===== THE INPUT
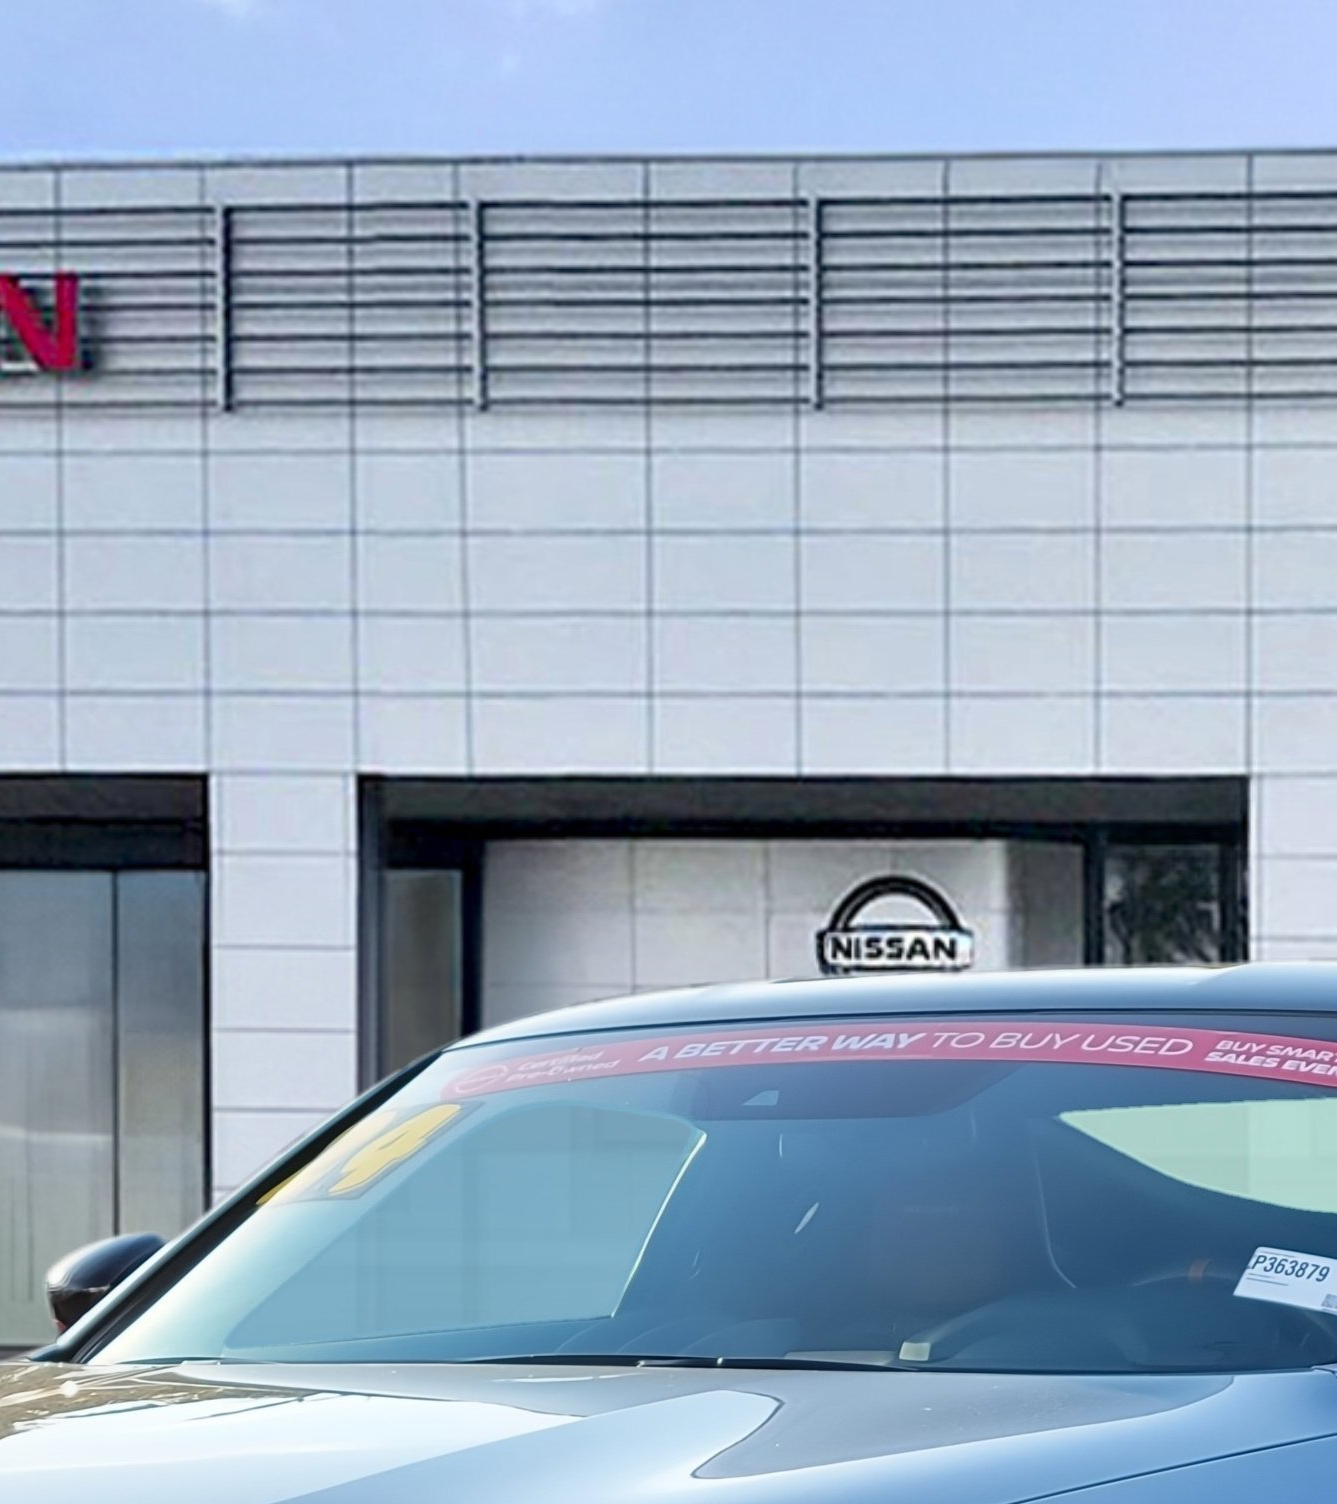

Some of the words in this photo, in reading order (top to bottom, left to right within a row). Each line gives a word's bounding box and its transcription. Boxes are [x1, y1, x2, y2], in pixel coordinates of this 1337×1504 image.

[830, 936, 957, 961] NISSAN
[637, 1046, 669, 1063] A
[673, 1035, 829, 1059] BETTER
[830, 1032, 928, 1051] WAY
[931, 1032, 985, 1049] TO
[988, 1032, 1081, 1050] BUY
[1080, 1034, 1194, 1056] USED
[1215, 1040, 1268, 1052] BUY
[1204, 1051, 1279, 1068] SALES
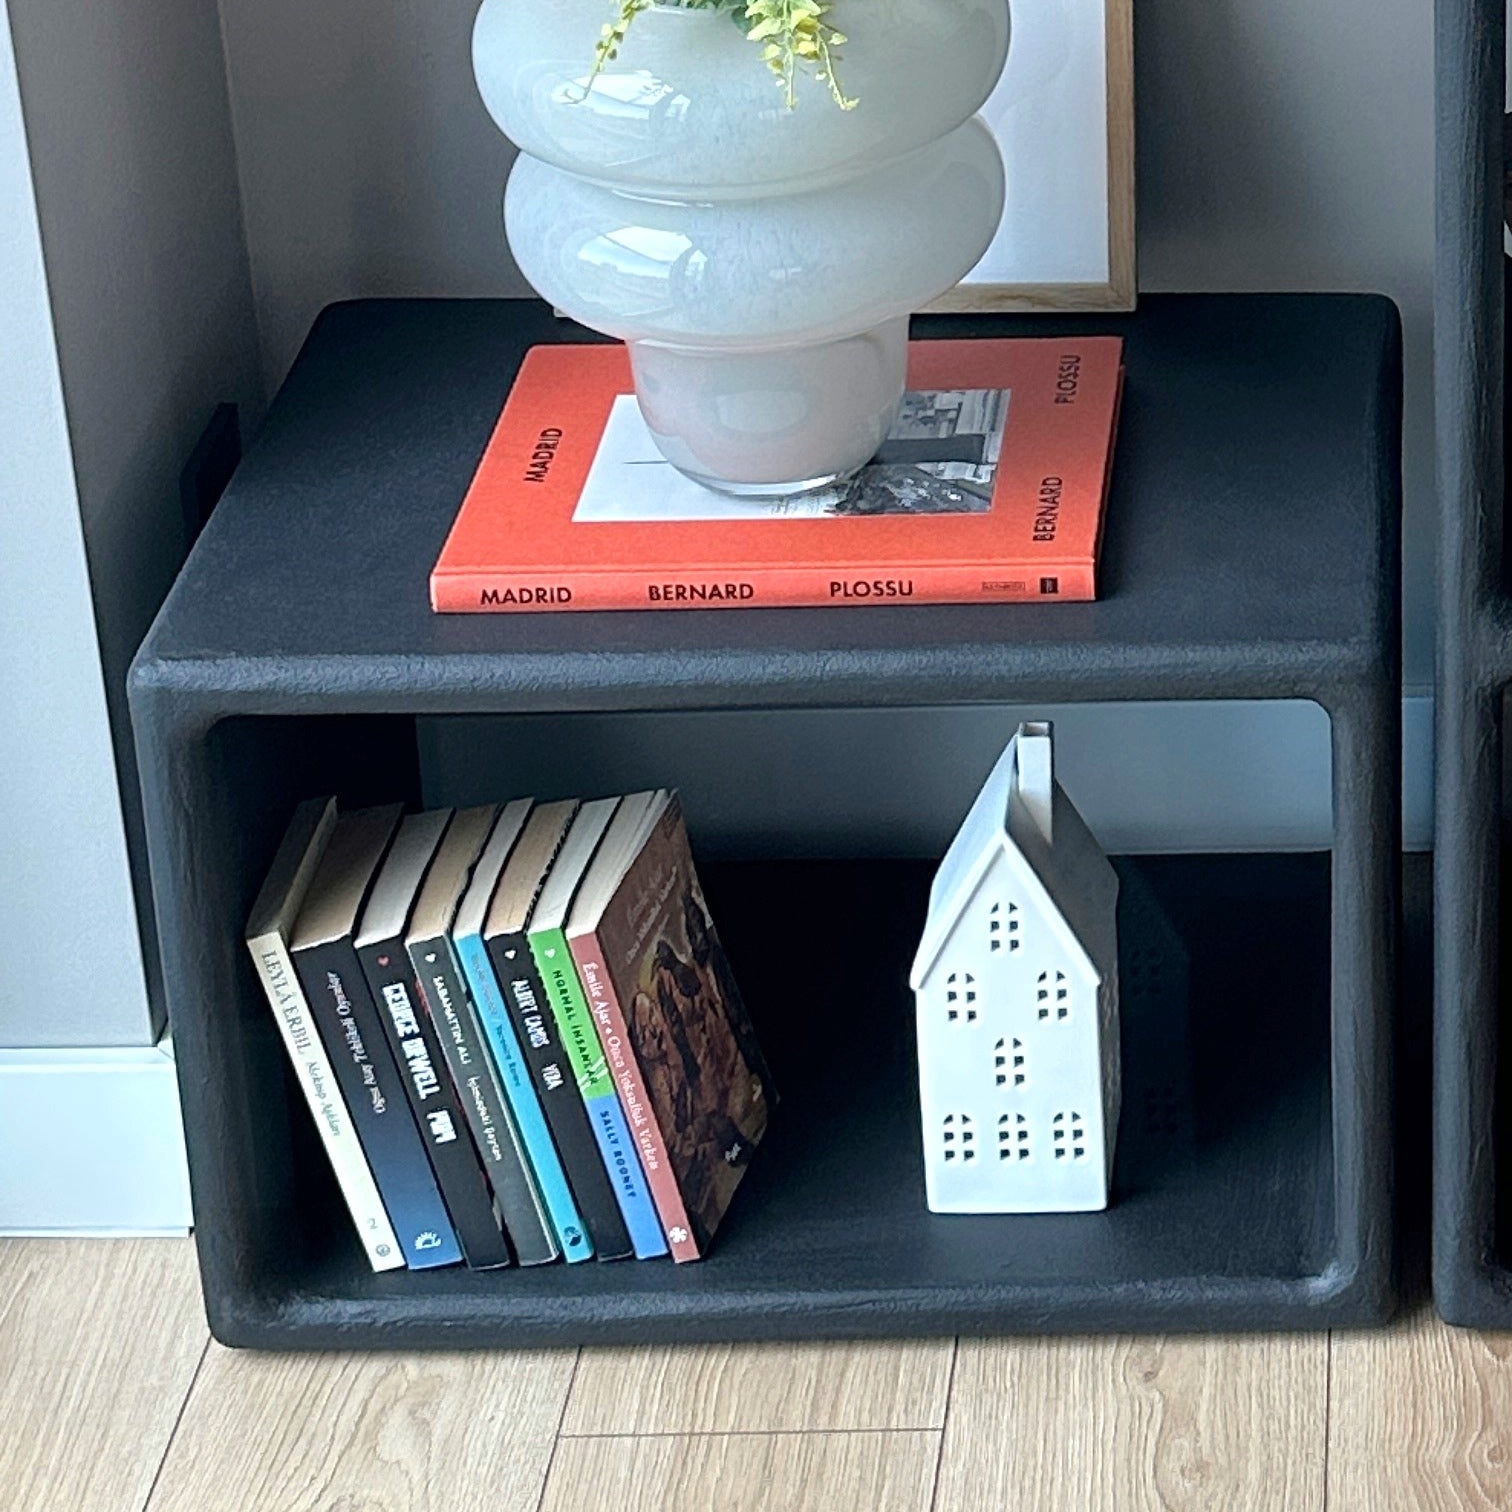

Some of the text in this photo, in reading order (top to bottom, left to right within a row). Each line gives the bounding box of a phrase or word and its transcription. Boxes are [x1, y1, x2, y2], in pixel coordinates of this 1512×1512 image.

[1054, 354, 1081, 405] PLOSSU
[523, 428, 563, 483] MADRID
[1032, 476, 1063, 542] BERNARD
[480, 580, 913, 606] MADRID BERNARD PLOSSU
[510, 978, 539, 1014] ALBERT
[552, 969, 574, 1021] NORMAL
[595, 1000, 612, 1032] Ajar
[401, 1036, 441, 1101] ORWELL
[600, 1110, 637, 1199] SALLY ROONEY
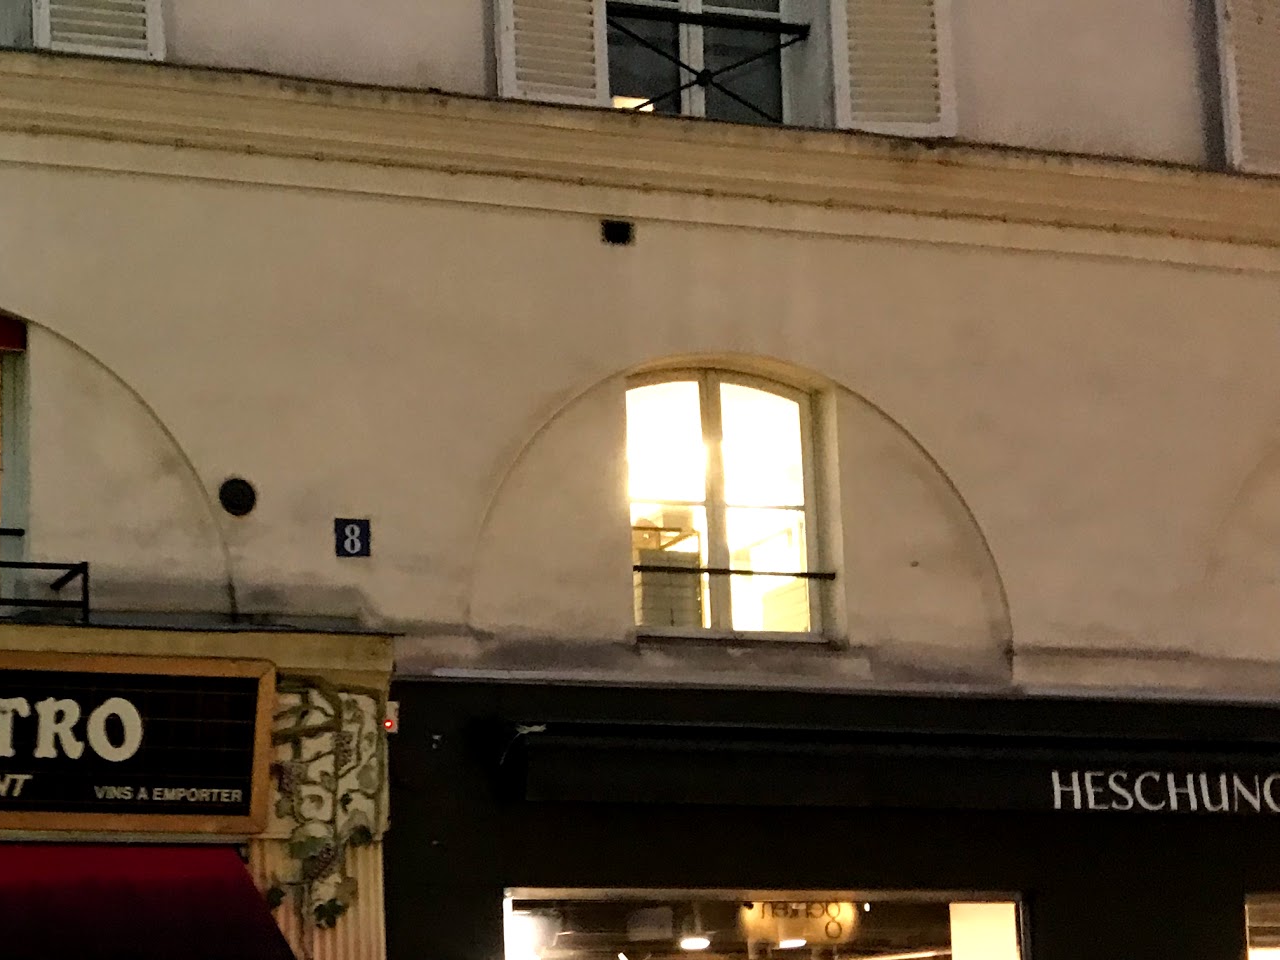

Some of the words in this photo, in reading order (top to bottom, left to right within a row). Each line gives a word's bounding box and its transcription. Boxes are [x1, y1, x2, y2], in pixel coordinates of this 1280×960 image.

[343, 523, 362, 554] 8
[93, 785, 134, 800] VINS
[136, 786, 150, 801] A
[151, 787, 243, 803] EMPORTER
==========
EXERCISE INSTRUCTIONS.
Word for word, repeat each line of the records, and leave every image out.

SOLVED EXERCISE.
Some of the words in this photo, in reading order (top to bottom, left to right within a row). Each line gives a word's bounding box and its transcription. Boxes are [x1, y1, x2, y2], in pixel coordinates of this 1337×1504 image.

[830, 936, 957, 961] NISSAN
[637, 1046, 669, 1063] A
[673, 1035, 829, 1059] BETTER
[830, 1032, 928, 1051] WAY
[931, 1032, 985, 1049] TO
[988, 1032, 1081, 1050] BUY
[1080, 1034, 1194, 1056] USED
[1215, 1040, 1268, 1052] BUY
[1204, 1051, 1279, 1068] SALES

Some of the text in this photo, in reading order (top to bottom, left to right within a row). Each line gives the bounding box of a phrase or word and its transcription. Boxes are [x1, y1, x2, y2], in pixel coordinates of this 1512×1512 image.

[1054, 354, 1081, 405] PLOSSU
[523, 428, 563, 483] MADRID
[1032, 476, 1063, 542] BERNARD
[480, 580, 913, 606] MADRID BERNARD PLOSSU
[510, 978, 539, 1014] ALBERT
[552, 969, 574, 1021] NORMAL
[595, 1000, 612, 1032] Ajar
[401, 1036, 441, 1101] ORWELL
[600, 1110, 637, 1199] SALLY ROONEY

Some of the words in this photo, in reading order (top to bottom, left to right within a row). Each line gives a word's bounding box and its transcription. Boxes are [x1, y1, x2, y2], in pixel coordinates of this 1280×960 image.

[343, 523, 362, 554] 8
[93, 785, 134, 800] VINS
[136, 786, 150, 801] A
[151, 787, 243, 803] EMPORTER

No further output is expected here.